BEGIN Records for this task

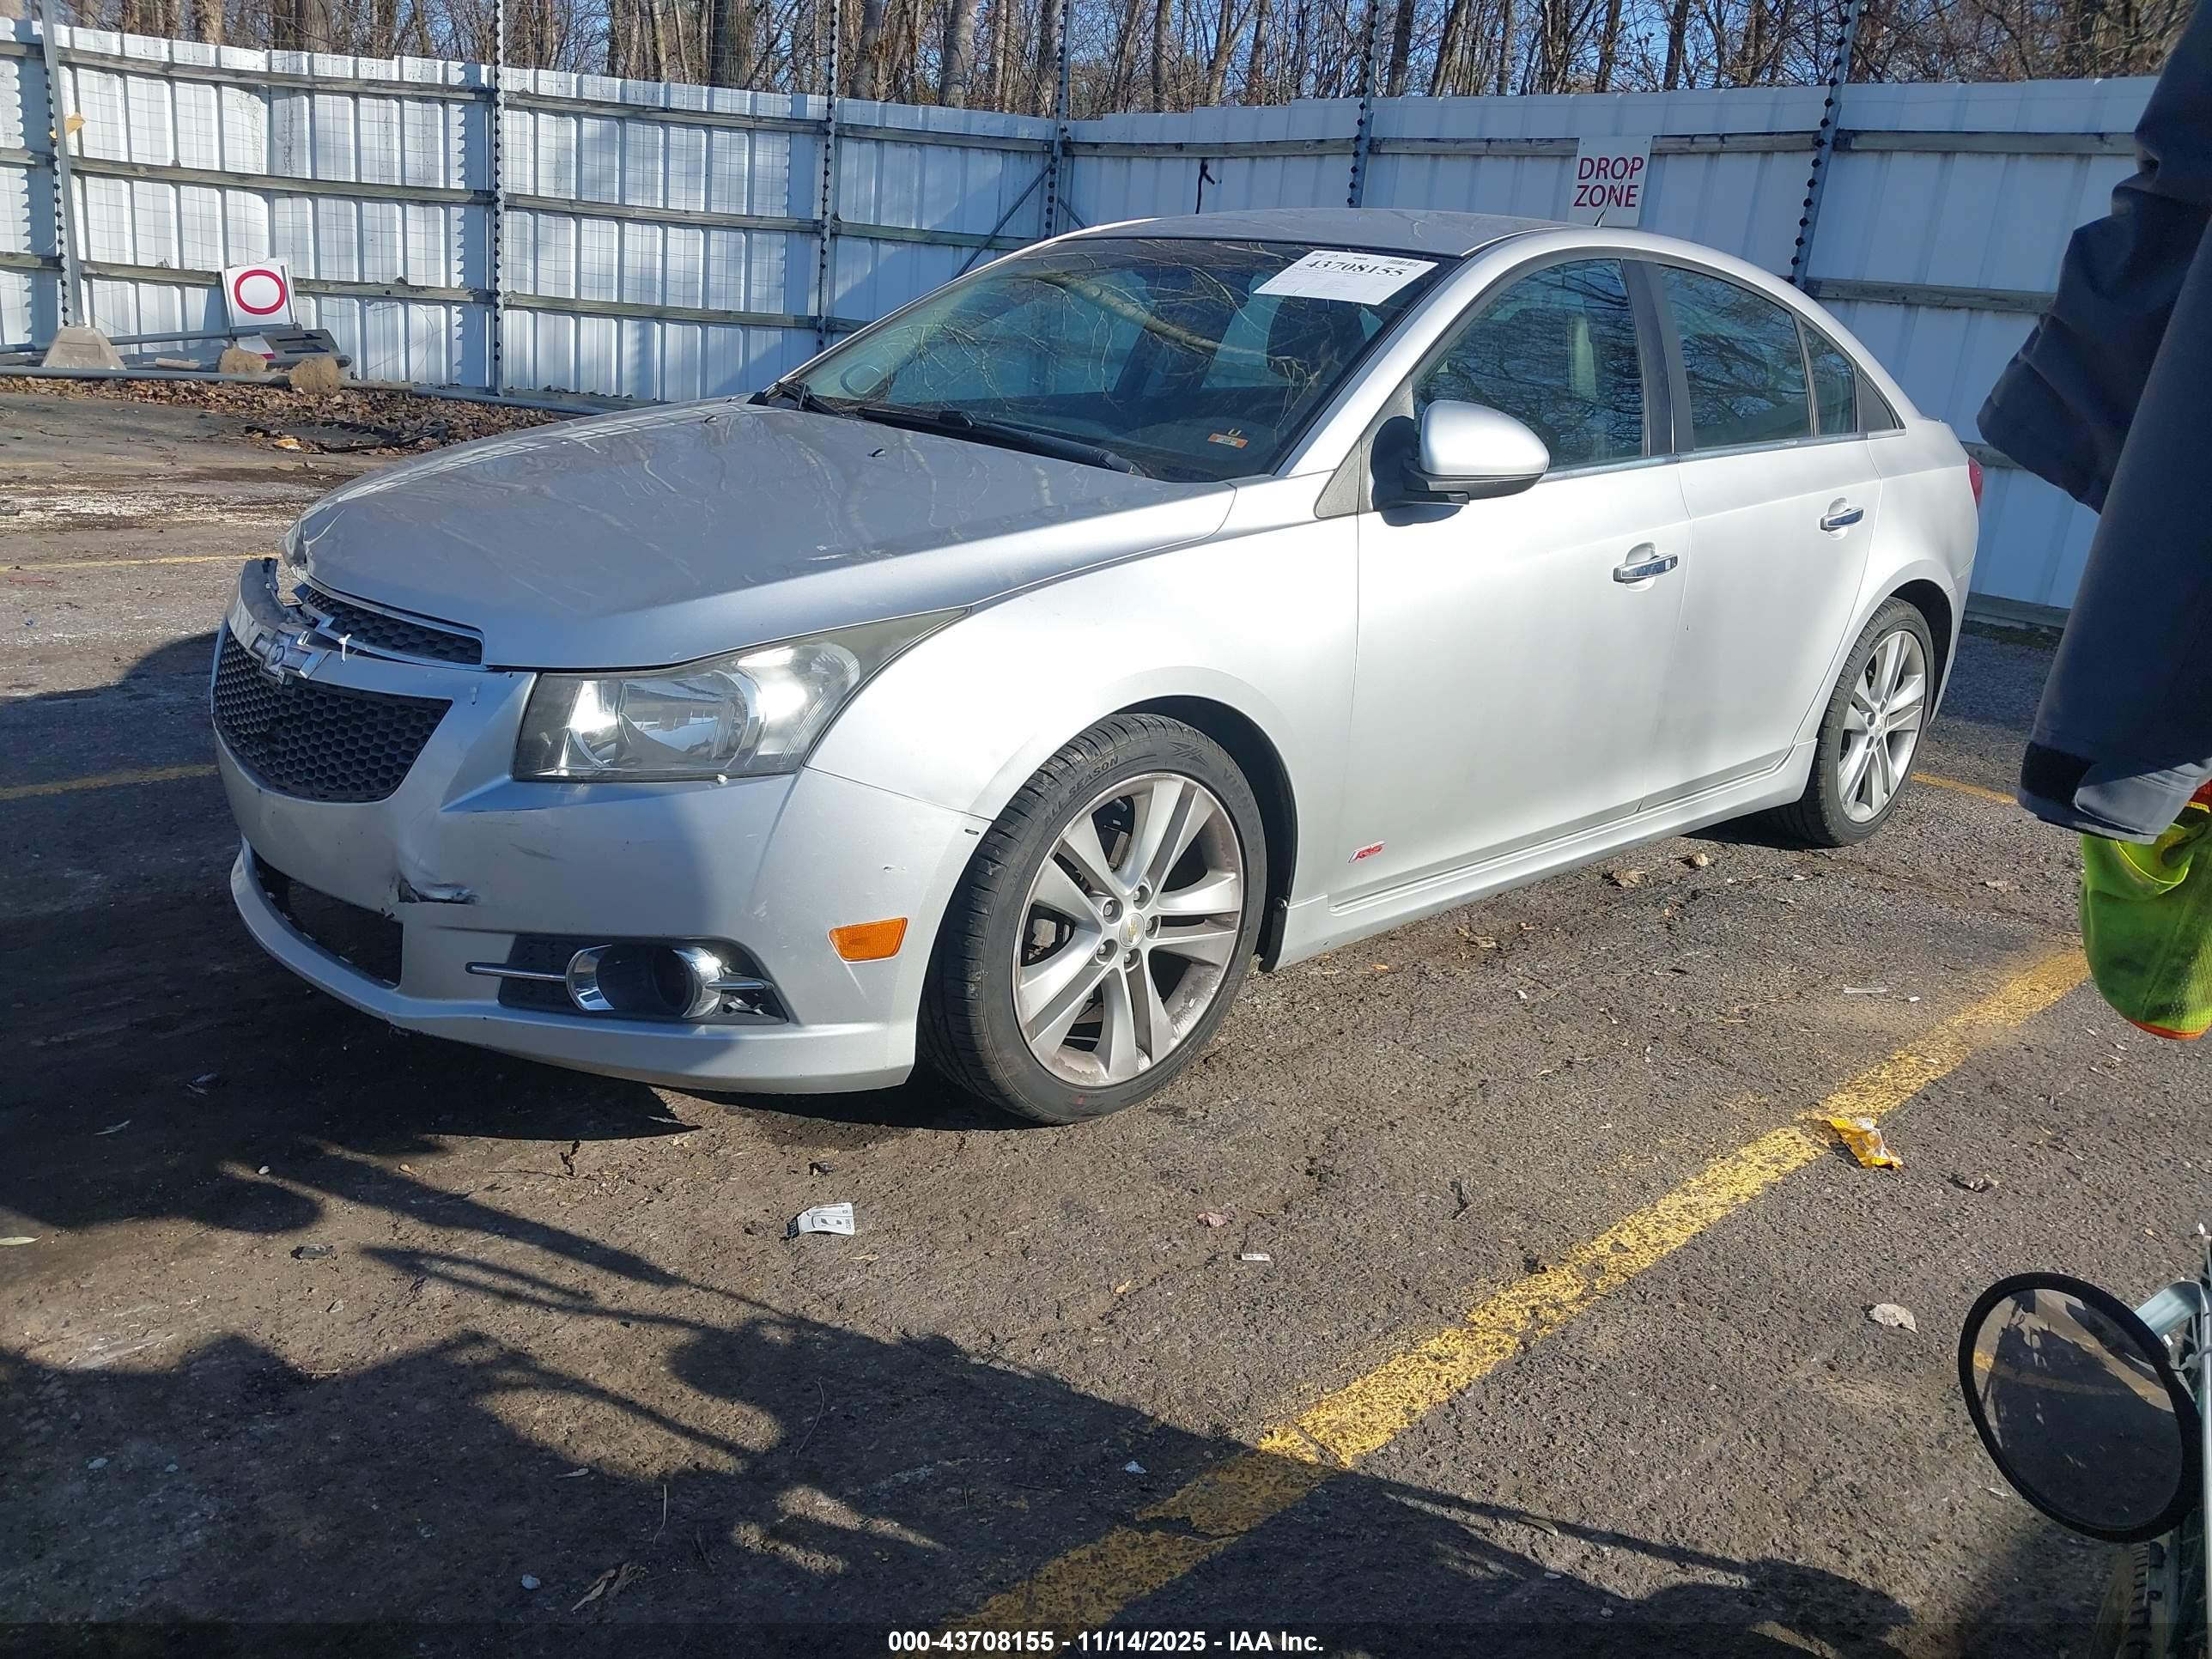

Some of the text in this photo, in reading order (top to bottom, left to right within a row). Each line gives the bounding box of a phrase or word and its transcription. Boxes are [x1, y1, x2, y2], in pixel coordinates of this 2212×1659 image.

[1577, 156, 1644, 179] DROP
[1573, 185, 1638, 207] ZONE
[1304, 259, 1409, 276] 43708155
[1068, 756, 1119, 795] SEASON

END Records for this task

**Assignment:**
Please ensure that the data above is repeated exactly, with no pictures in the copy.

**Output for this exercise:**
Some of the text in this photo, in reading order (top to bottom, left to right within a row). Each line gives the bounding box of a phrase or word and its transcription. Boxes are [x1, y1, x2, y2], in pixel coordinates of this 2212×1659 image.

[1577, 156, 1644, 179] DROP
[1573, 185, 1638, 207] ZONE
[1304, 259, 1409, 276] 43708155
[1068, 756, 1119, 795] SEASON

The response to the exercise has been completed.